That's just how the vector works. Initially some additional space gets reserved for the vector's growth. Vector's internal buffer that holds its contents has some extra room to spare, but when it is full the next call to push_back allocates a bigger buffer to the vector's contents, moves the contents of the existing buffer, then deletes the existing buffer.
The shown code creates and uses iterators for the vector, but any call to push_back will invalidate the whole lot, and the next invalidated vector dereference results in undefined behavior.
You have two basic options:
Replace the vector with some other container that does not invalidate its existing iterators, when additional values get added to the iterator
Reimplement the entire logic using vector indexes instead of iterators.

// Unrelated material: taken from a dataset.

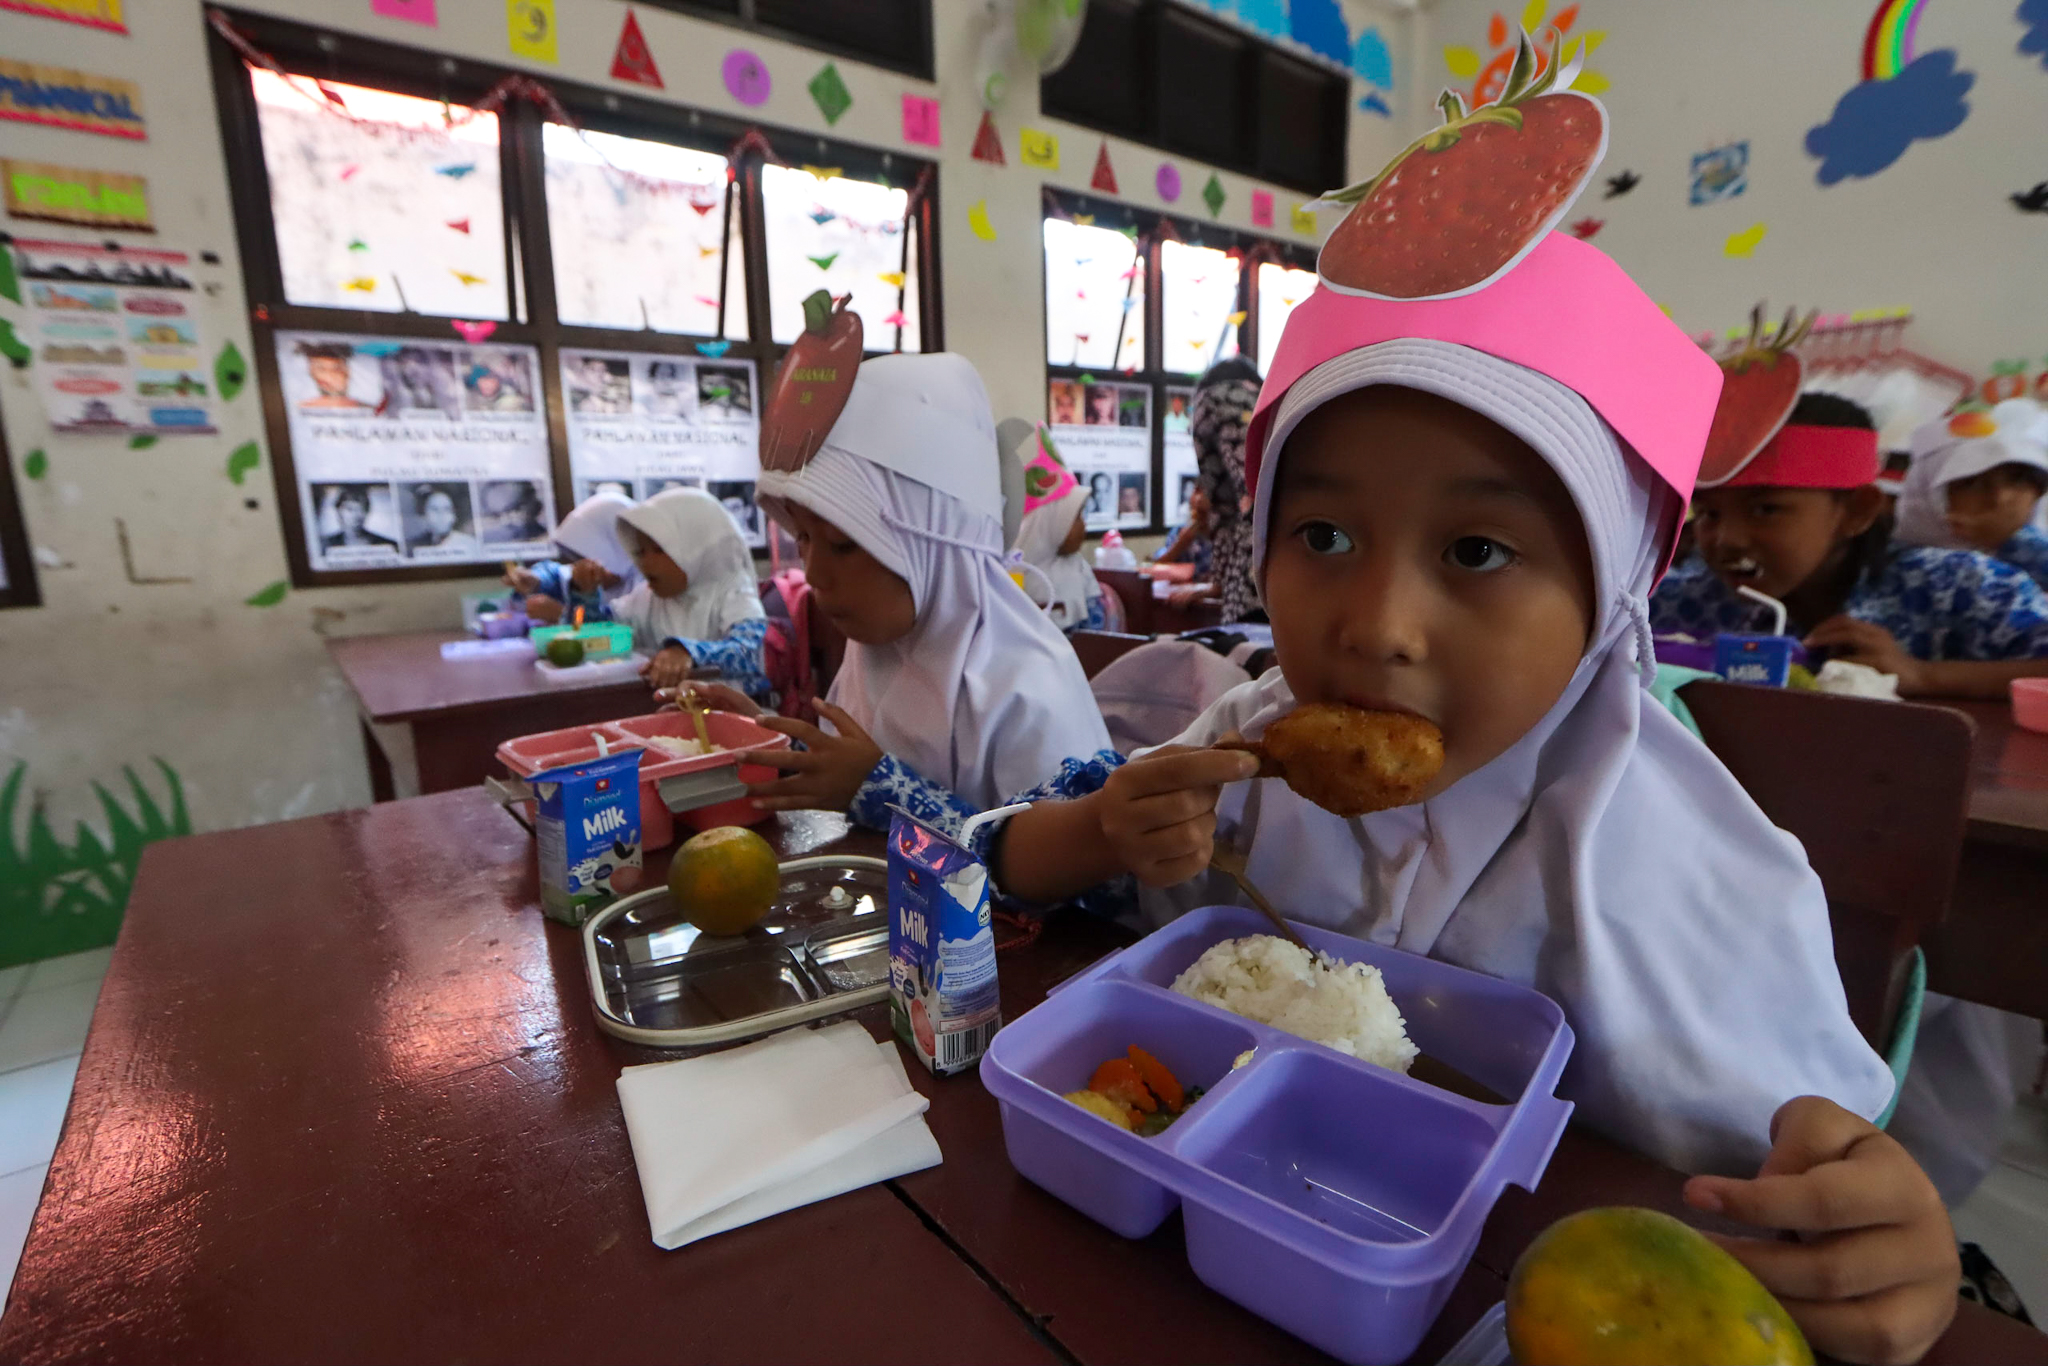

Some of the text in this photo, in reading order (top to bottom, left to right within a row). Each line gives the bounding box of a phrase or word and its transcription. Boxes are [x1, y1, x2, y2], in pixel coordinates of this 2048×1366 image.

[1727, 663, 1770, 680] Milk
[582, 806, 627, 841] Milk
[900, 906, 928, 950] Milk

C++: how to loop through integer elements in a vector

I would like to loop through elements of a vector in C++.
I am very new at this so I don't understand the details very well.
For example:
for (elements in vector) {
if () {
check something
else {
//else add another element to the vector
vectorname.push_back(n)
}
}
Its the for (vector elements) that I am having trouble with.
You'd normally use what's called a range-based for loop for this:
for (auto element : your_vector)
if (condition(element))
// whatever
else
your_vector.push_back(something);
But note: modifying a vector in the middle of iteration is generally a poor idea. And if your basic notion is to add the element if it's not already present, you may want to look up std::set, std::map, std::unordered_set or std::unordered_map instead.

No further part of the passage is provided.